Loss & Leadership

Preparing Students to Serve When Someone Passes


For the first time in many students’ lives, they do not know what lies ahead. Indeed, the whole world does not know what lies ahead. Students are facing genuine possibilities that a family member, mentor, or friend will die because of COVID-19 and its complications.

DRAFT – prepared by David Keck

Conventional patterns of support and comfort are disrupted, and needs will be real.

What can we do to help students amid the needs of this time?

The Loss and Leadership program prepares students to serve others in times of grief. By equipping them to help others, it also strengthens them for those inevitable times when someone they love dies.

Our basic assumptions are:

* We can’t change the reality, but we can change the experience.

We cannot change the fact that a person has died, but we can influence the way others experience this death. We can listen. We can prepare something for others to eat. We can pray, sing, or write. We can assert the power of community amid the loneliness of loss.

* Even a little training can go a long way.

Something extraordinary happens when a person realizes that she has something to offer.

For example, sometimes we feel paralyzed when we feel like we don’t have the right words to say. But maybe what a grieving person needs is not our words, but an invitation: “I’m sorry to hear about your grandmother. Can you tell me about her and what she meant to you?” The person may decline, or she might launch into a series of beloved memories.” Either way, she knows that the profound loss she is experiencing is being taken seriously, and someone is not afraid of tears and anguish.

Our three core concepts are:

* Self-Awareness

The more aware we are of our own ideas, feelings, and impulses, the more control we have over our behavior.

There’s an ancient story of a grieving person who wandered the earth in anguish until at last he came to a wise, compassionate person whose face did not add to his misery. When someone shares their anguish with me – what does my face look like? Am I relaxed, tender, and receptive? Or am I tense, or afraid? Was is listening attentively, or was I interrupting with my own stories?

* Servant leadership

What are my motives for serving? At what points am I being selfish?

There’s a story of a Catholic layperson who was deeply devoted to his priest, Father Michael. Father Michael had seen this person through many celebrations and crises, but he now had advanced dementia. The layperson went to visit him and asked, quite understandably, “Father, do you know who I am?” Father Michael replied, “Does it matter?” This forced the layperson to ask why he was there in the first place. Was he there because he didn’t want Father Michael to be alone, or was he there because he wanted Father Michael to know that he was there?

* Storytelling and story listening

We make sense of our lives through stories, and sometimes we need someone to listen so that we can tell the story that helps us get through the mess.

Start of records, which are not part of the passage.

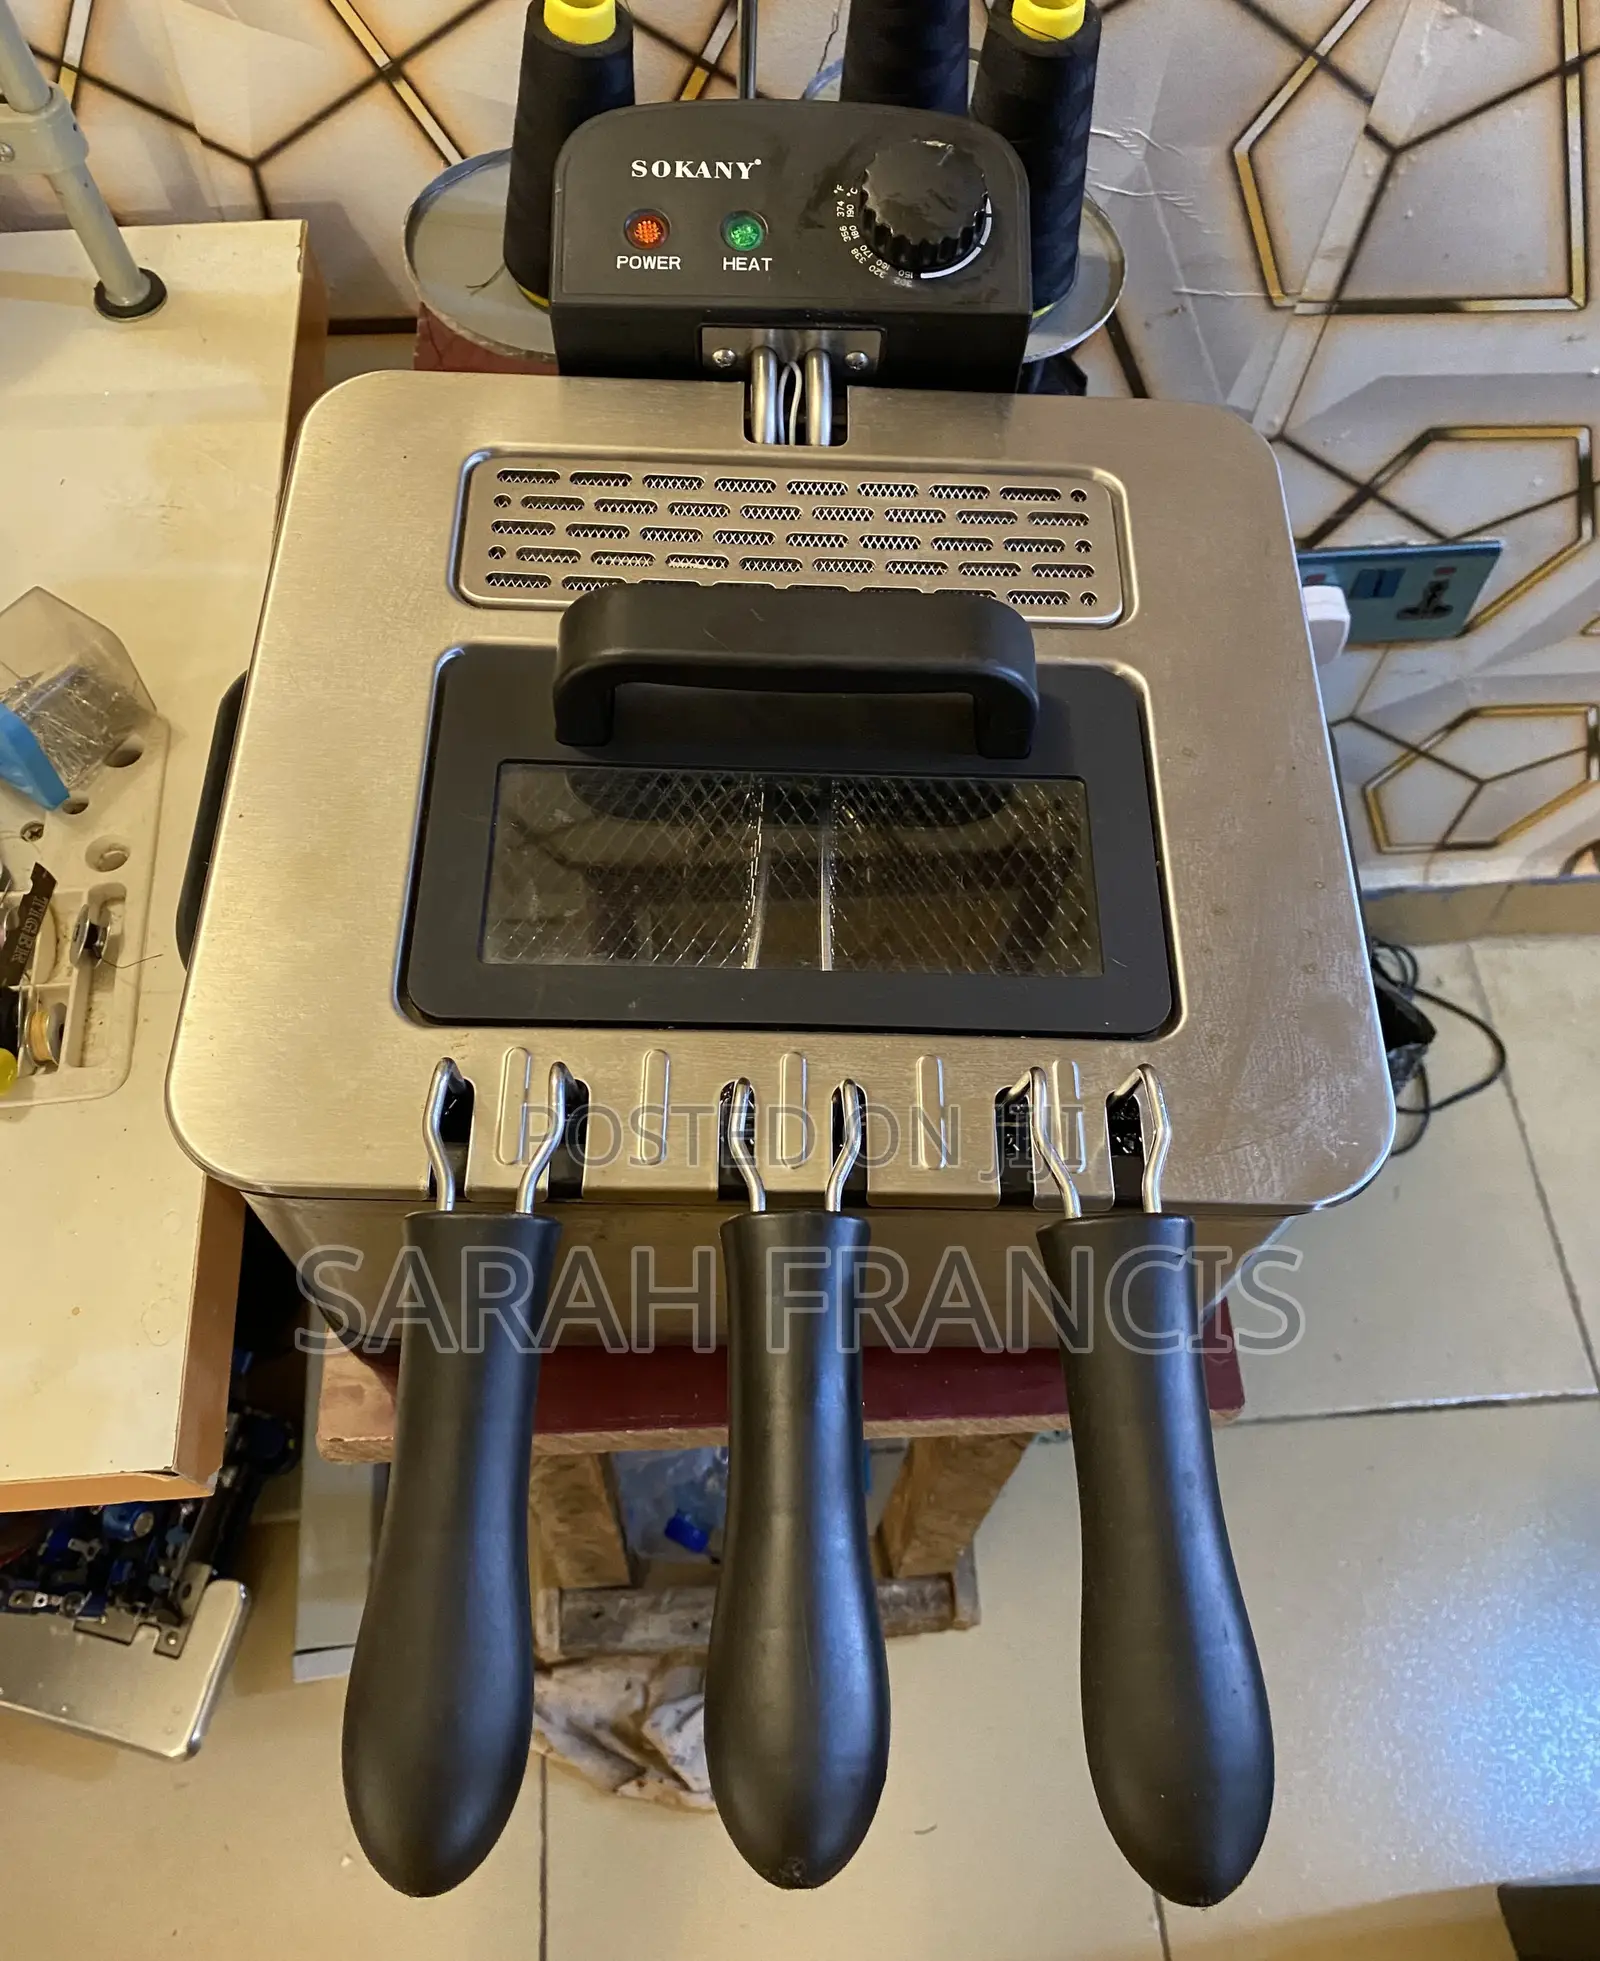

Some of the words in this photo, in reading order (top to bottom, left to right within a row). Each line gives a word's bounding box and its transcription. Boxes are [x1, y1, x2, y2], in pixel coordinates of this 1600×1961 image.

[631, 158, 762, 180] SOKANY
[836, 200, 845, 217] 374
[846, 204, 855, 218] 190
[839, 225, 852, 243] 356
[848, 225, 860, 239] 180
[850, 247, 867, 264] 338
[859, 244, 874, 259] 170
[616, 255, 682, 270] POWER
[722, 256, 773, 272] HEAT
[875, 258, 891, 271] 160
[868, 264, 888, 279] 320
[898, 269, 914, 279] 150

There’s a story (what else!) of a pastor who heard that a member of his congregation had died. He didn’t know any of the details, so he went to visit the widow. Along the way, he was thinking of all the things he would need to do (prepare the church, musicians, etc.), but he needed more information. When he arrived the widow started talking about going into the backyard earlier the day with her husband, how hot it was, how they thought her special lemonade might be a good idea, how she went to find the lemons and the juicer, and whether she had enough sugar. The pastor was getting more irritated – he needed the facts of the death so that he could start preparing the service. Then he realized that what she needed was to tell the story of her last hours with her husband.

Loss and Leadership builds on these basic assumptions and core concepts and introduces students to the ideas, skills, and practices that contribute to humanizing end-of-life care.

It offers a series of short presentations for reflection (and discussion, if possible) in order to help students develop a stronger sense of who they are and what they have to offer.

Sample topics include:

- listening to different types of stories

- exercise: writing your own obituary

- interfaith perspectives

- how to listen effectively

- how to be an observer-participant

- the importance of religion, spirituality, and/or worldview

- learning from loss and seeing everything differently

We can’t change the reality of death, but we can change the way the living live.